Gene therapy and cell therapy (GCT) are fields of biomedical research with the same aim: to help prevent or treat diseases. Gene therapy involves the transfer of genetic material and cell therapy involves the transfer of cells. The future of gene and cell therapies is remarkably promising, as these transformative new treatments can provide life-changing results for patients with previously incurable diseases. However, the high cost and complexity of many GCTs present growing challenges for the healthcare ecosystem that, if not addressed, will hinder access for patients in need and potentially stifle industry innovation.

Estimates of future GCT market spend vary widely, as many specifics remain unknown regarding how therapy approvals and patient adoption will ramp up. However, the consensus remains that this space will see exponential expansion — even the most conservative projections suggest annual spend will exceed $30 billion1 within the next ten years, with some estimates more than double that amount. This rapid industry growth is raising key concerns among employers, insurers, governments and manufacturers, including:

  • How are these treatments being financed and what is the return on investment for those financing the therapies?
  • What does the availability of these drugs mean for employees and their families?
  • What’s the long-term durability of these treatments?
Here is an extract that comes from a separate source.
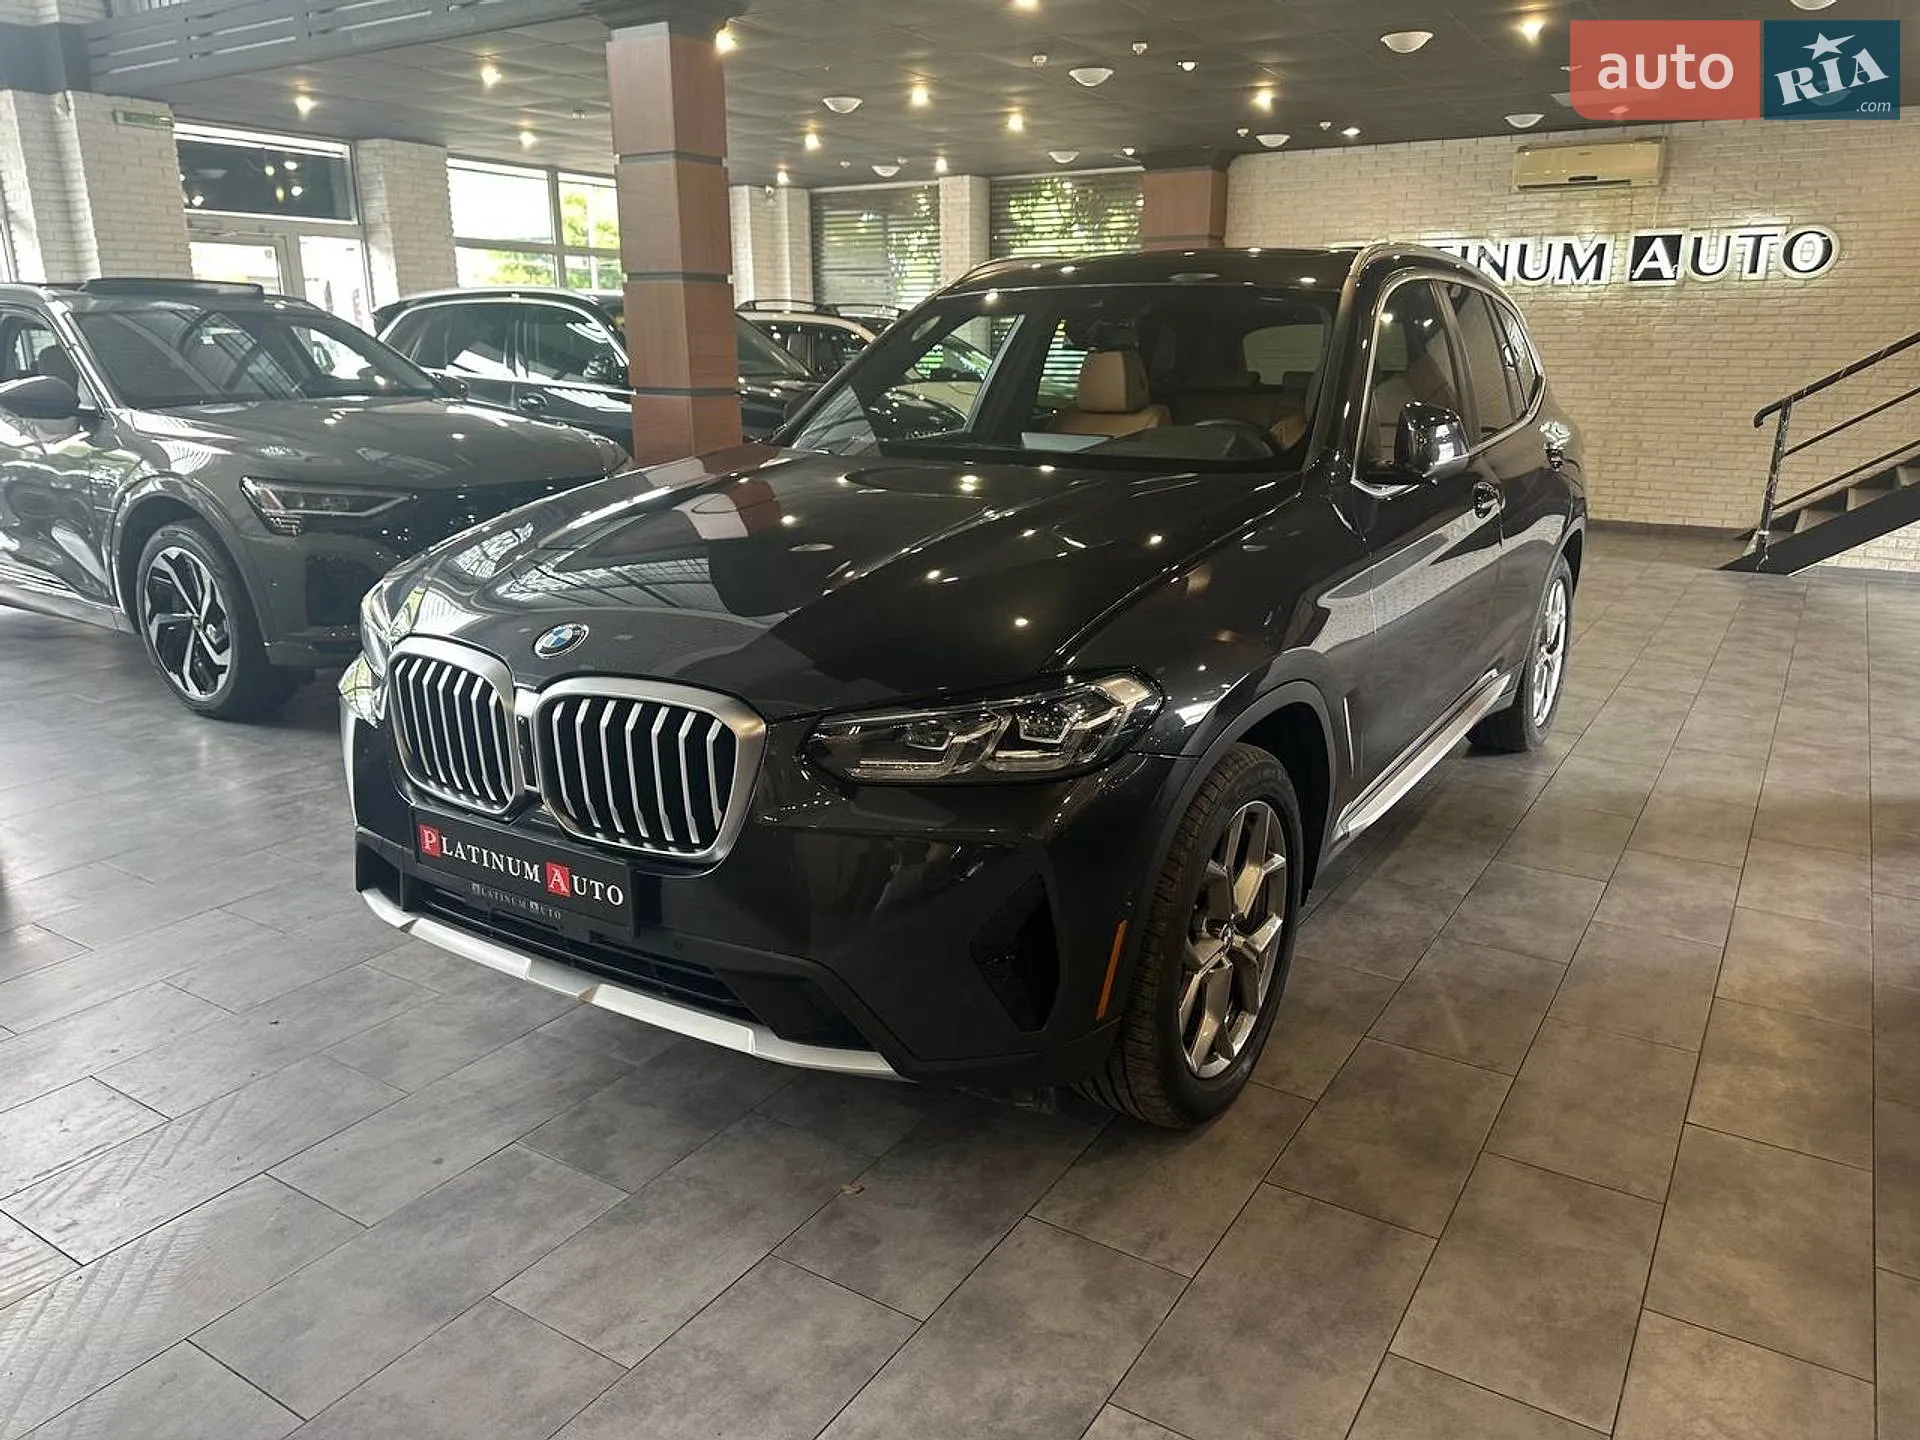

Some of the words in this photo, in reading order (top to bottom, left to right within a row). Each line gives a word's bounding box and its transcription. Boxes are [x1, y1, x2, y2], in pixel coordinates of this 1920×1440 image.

[1628, 231, 1833, 282] AUTO
[421, 827, 541, 884] PLATINUM
[547, 864, 624, 906] AUTO
Gene therapies alter the genes of patients, making them different from many other healthcare treatments. They apply to a limited population size, have uncertain outcomes and materially significant costs for one-time treatments. As GCTs continue to enter the market, it’s important for all stakeholders to consider these questions from a data-led perspective.

Better Decisions

How Affordable are Gene and Cell Therapies Across Regions?

As treatments advance, money has poured into the gene and cell therapy market globally over the last few years. This has resulted in numerous clinical studies and questions around developing guidelines for these products. Regulatory and legislative rules specific to GCTs have also been evolving with the treatments themselves. The risk of high costs and uncertain outcomes is on the minds of many stakeholders — including governments — with robust pricing and reimbursement policies. Alongside these shared costs, accessibility to innovative therapies is expanding for patients. Even in wealthy nations, the cost of the therapies takes its toll, challenging the budgets of health systems.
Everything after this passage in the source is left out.